SECTION 2. WITHDRAWAL OF ASSETS FROM THE TRUST FUND.
(a) Without notice to the Grantor, the Beneficiary shall have the right,
at any time and from time to time, notwithstanding anything to the contrary
contained in the Retrocession Agreements, to withdraw from the trust fund, upon
written notice to the Trustee (the "Withdrawal Notice"), such assets as are
specified in such Withdrawal Notice.
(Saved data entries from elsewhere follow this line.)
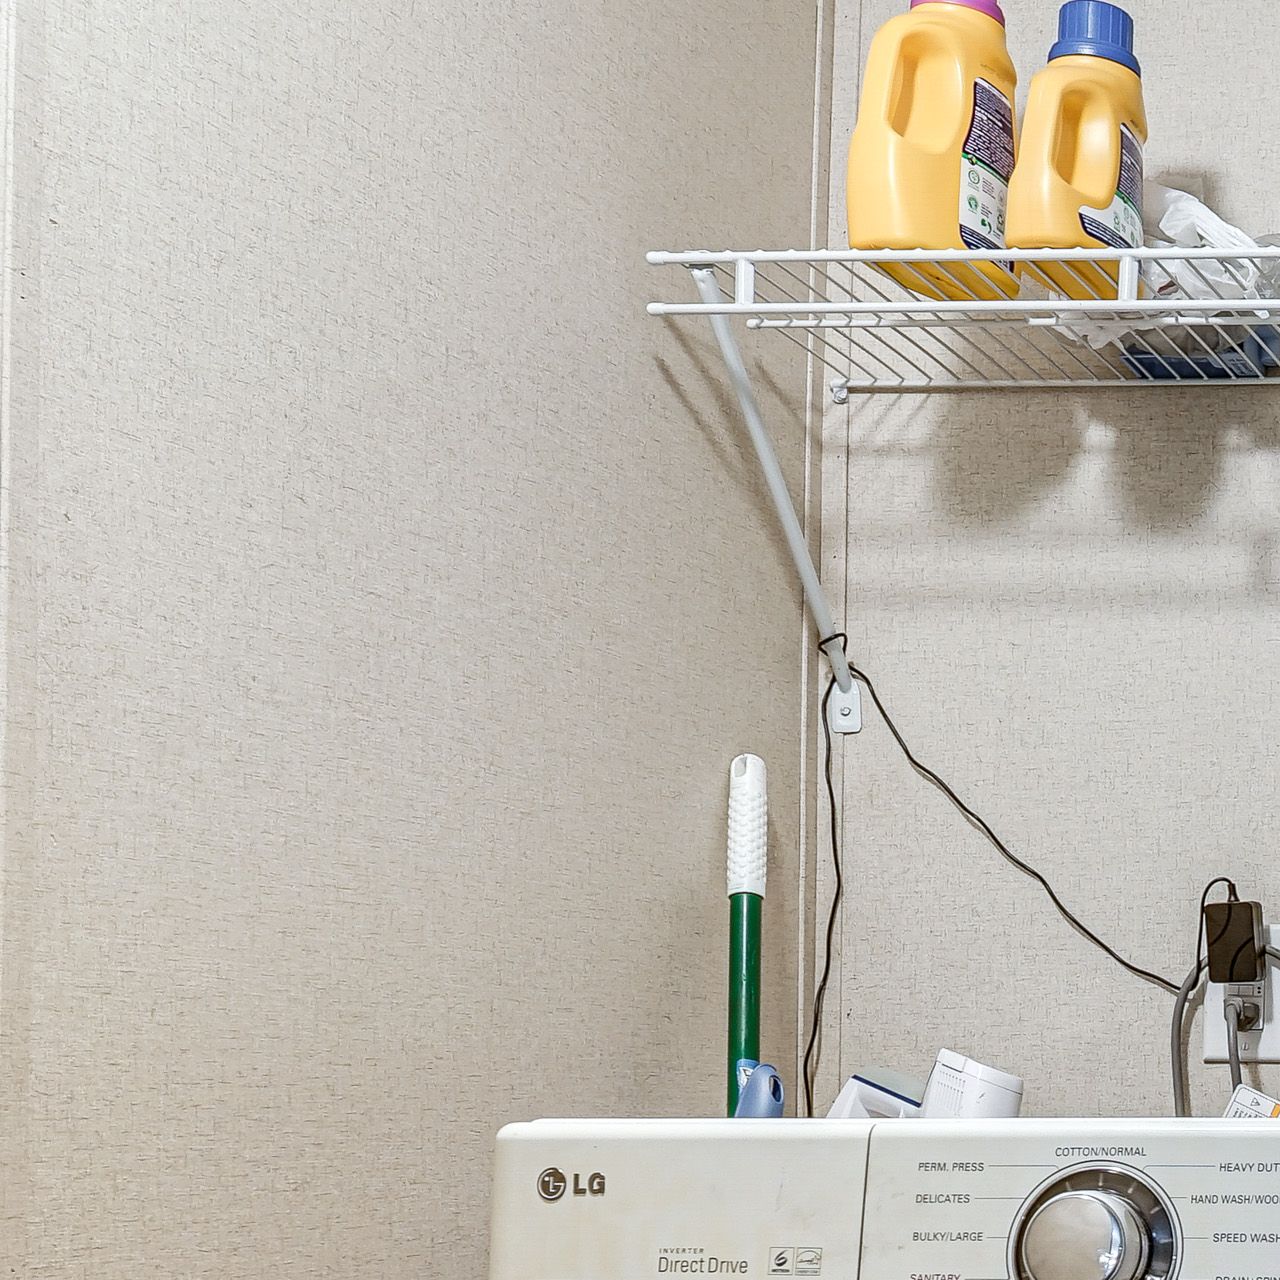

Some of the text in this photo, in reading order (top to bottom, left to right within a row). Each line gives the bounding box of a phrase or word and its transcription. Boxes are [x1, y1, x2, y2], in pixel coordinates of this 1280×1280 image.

[1055, 1147, 1147, 1157] COTTON/NORMAL
[918, 1162, 985, 1172] PERM. PRESS
[1219, 1163, 1254, 1172] HEAVY
[573, 1173, 605, 1195] LG
[915, 1194, 970, 1204] DELICATES
[1190, 1194, 1219, 1204] HAND
[912, 1232, 983, 1242] BULKY/LARGE
[1212, 1233, 1247, 1243] SPEED
[658, 1256, 748, 1274] Direct Drive
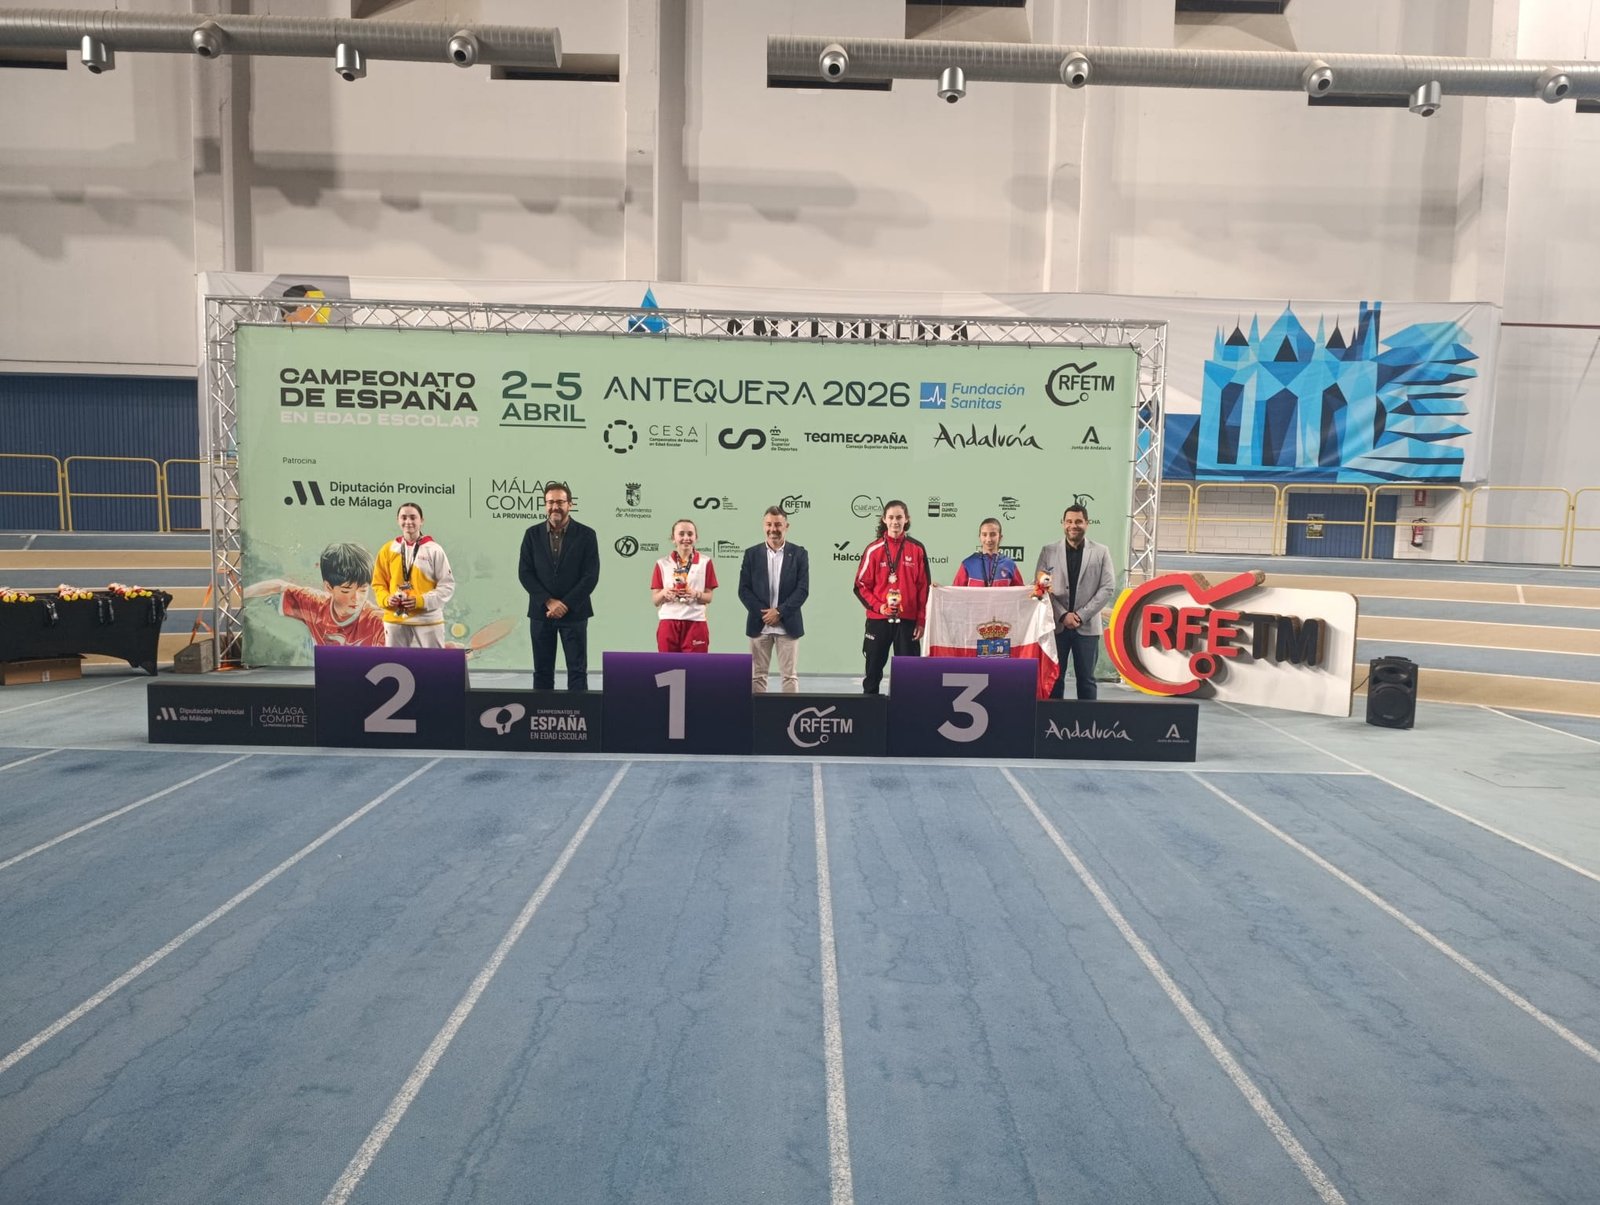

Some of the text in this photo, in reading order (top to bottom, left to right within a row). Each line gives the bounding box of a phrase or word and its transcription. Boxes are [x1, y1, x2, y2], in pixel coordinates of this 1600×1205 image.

[279, 367, 476, 389] CAMPEONATO
[1058, 375, 1115, 392] RFETM
[603, 376, 911, 407] ANTEQUERA 2026
[951, 382, 1026, 397] Fundación
[280, 387, 478, 412] DE ESPAÑA
[950, 397, 1003, 411] Sanitas
[280, 411, 480, 428] EN EDAD ESCOLAR
[501, 402, 586, 423] ABRIL
[648, 424, 699, 437] CESA
[934, 422, 1044, 451] Andalucía
[329, 481, 455, 496] Diputación Provincial
[491, 477, 570, 494] MÁLAA
[329, 497, 392, 508] de Málaga
[486, 495, 579, 512] COMPE
[784, 501, 811, 509] RFETM
[833, 553, 863, 561] Halcó
[1141, 604, 1326, 666] RFETM
[363, 662, 417, 733] 2
[654, 669, 686, 739] 1
[179, 707, 213, 715] Diputación
[262, 705, 304, 714] MÁLAGA
[937, 673, 990, 742] 3
[259, 714, 308, 724] COMPITE
[530, 715, 587, 731] ESPAÑA
[800, 718, 852, 734] RFETM
[540, 732, 557, 740] EDAD
[559, 732, 587, 740] ESCOLAR
[1045, 719, 1133, 741] Andalucía
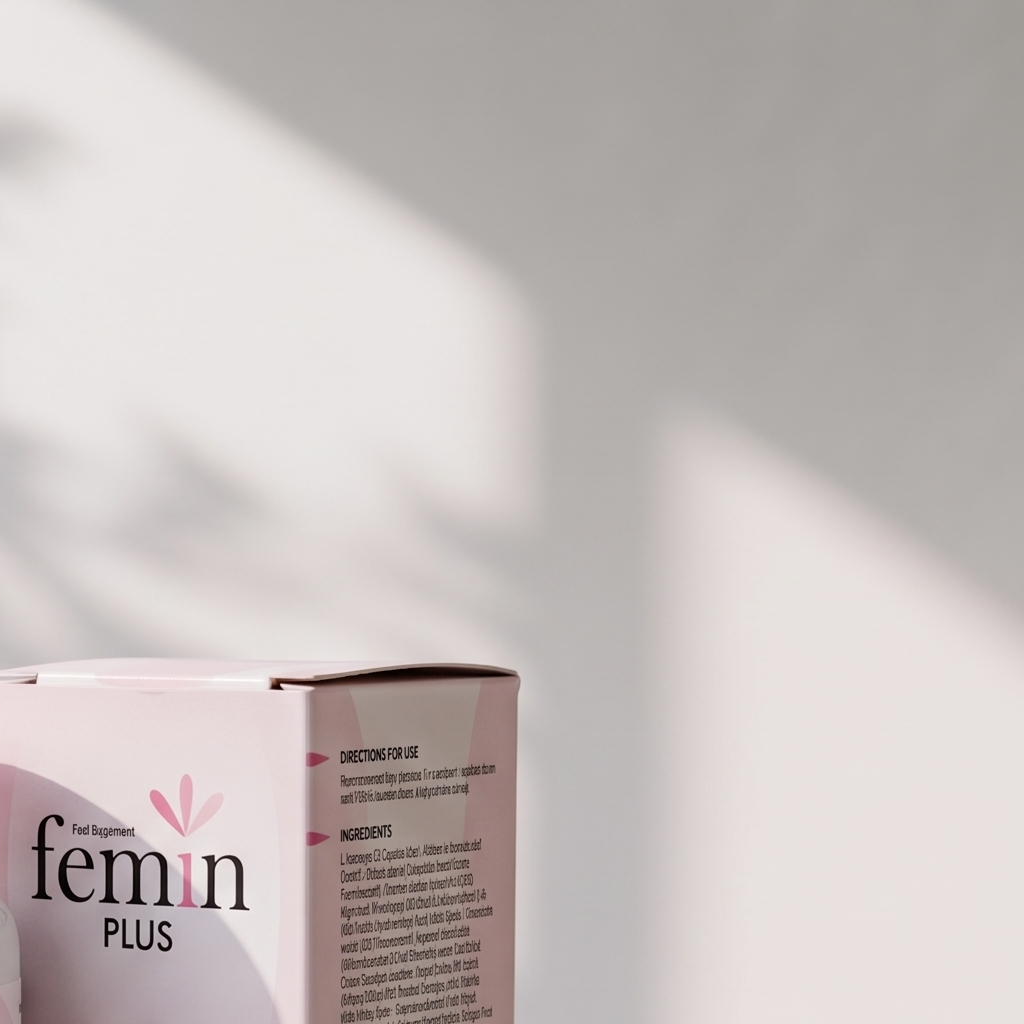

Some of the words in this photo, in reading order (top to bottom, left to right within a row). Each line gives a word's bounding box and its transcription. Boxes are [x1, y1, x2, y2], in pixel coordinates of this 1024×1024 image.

[340, 748, 386, 764] DIRECTIONS
[387, 746, 403, 761] FOR
[404, 745, 419, 760] USE
[340, 824, 392, 842] INGREDIENTS
[31, 814, 250, 911] femin
[104, 917, 173, 952] PLUS
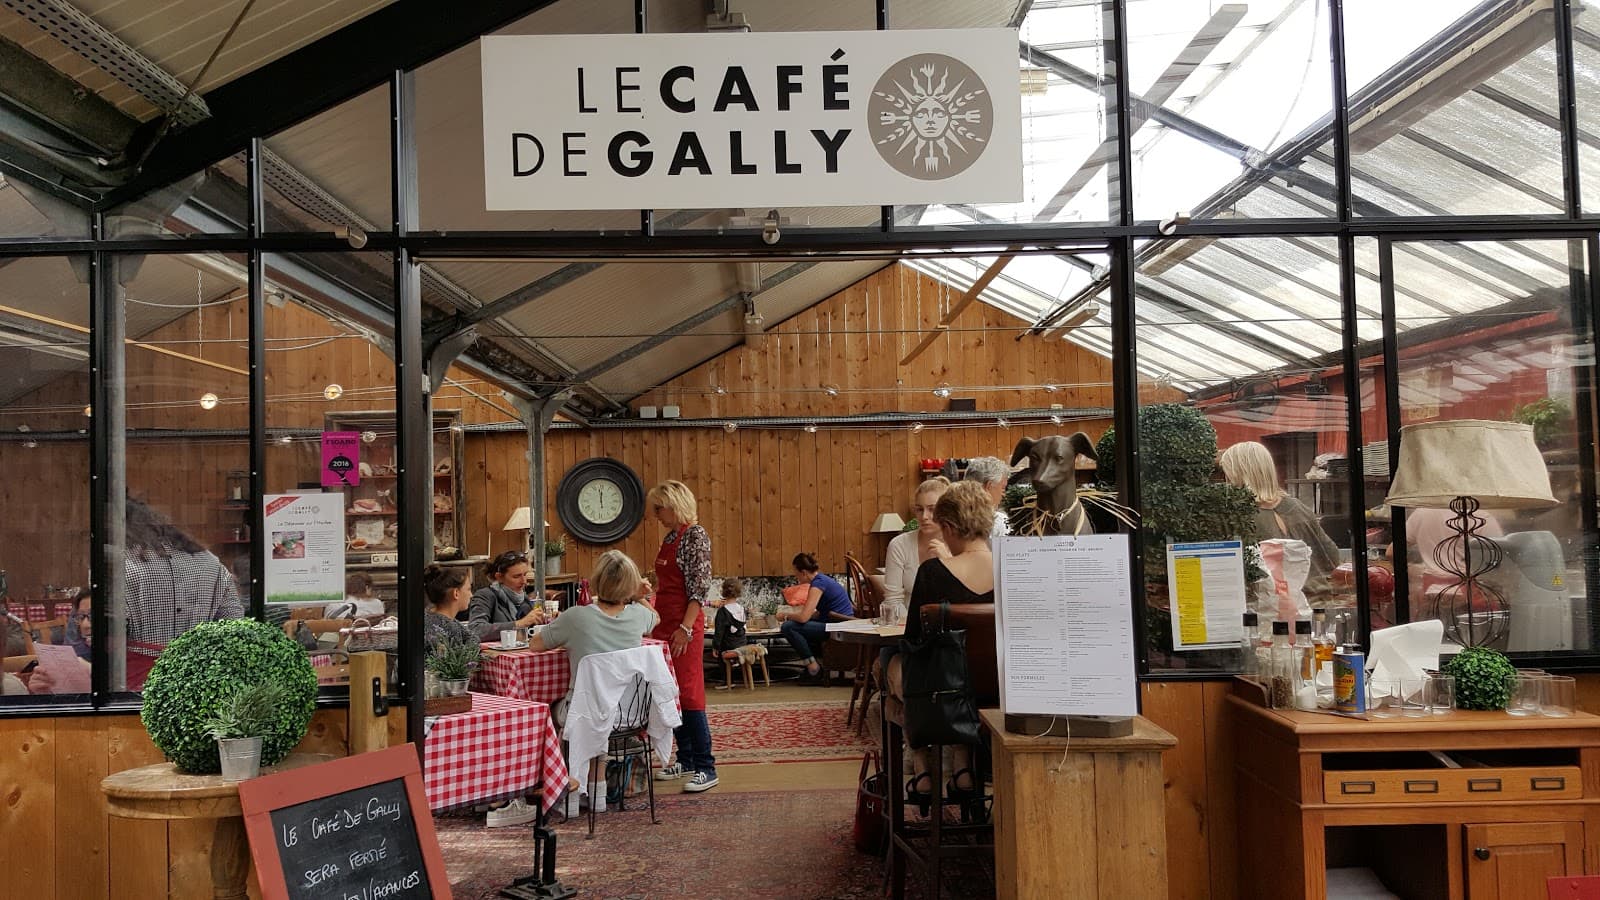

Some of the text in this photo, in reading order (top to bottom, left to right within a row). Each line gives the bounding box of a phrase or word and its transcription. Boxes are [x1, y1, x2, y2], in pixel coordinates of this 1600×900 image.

[284, 824, 298, 848] LE
[343, 809, 363, 829] DE
[304, 838, 387, 888] SERA FERMÉ
The Beneficiary need present no statement
or document in addition to a Withdrawal Notice in order to withdraw any Assets;
nor is said right of withdrawal or any other provision of this Agreement subject
to any conditions or qualifications not contained in this Agreement.
(b) Upon receipt of a Withdrawal Notice, the Trustee shall immediately
take the steps necessary to transfer absolutely all right, title and interest in
the Assets specified in such Withdrawal Notice and shall deliver physical
custody of such assets to or for the account of the Beneficiary.
(c) Subject to paragraph (a) of this Section 2 and to Section 4 of this
Agreement, in the absence of a Withdrawal Notice, the Trustee shall allow no
substitution or withdrawal of any Asset from the trust fund.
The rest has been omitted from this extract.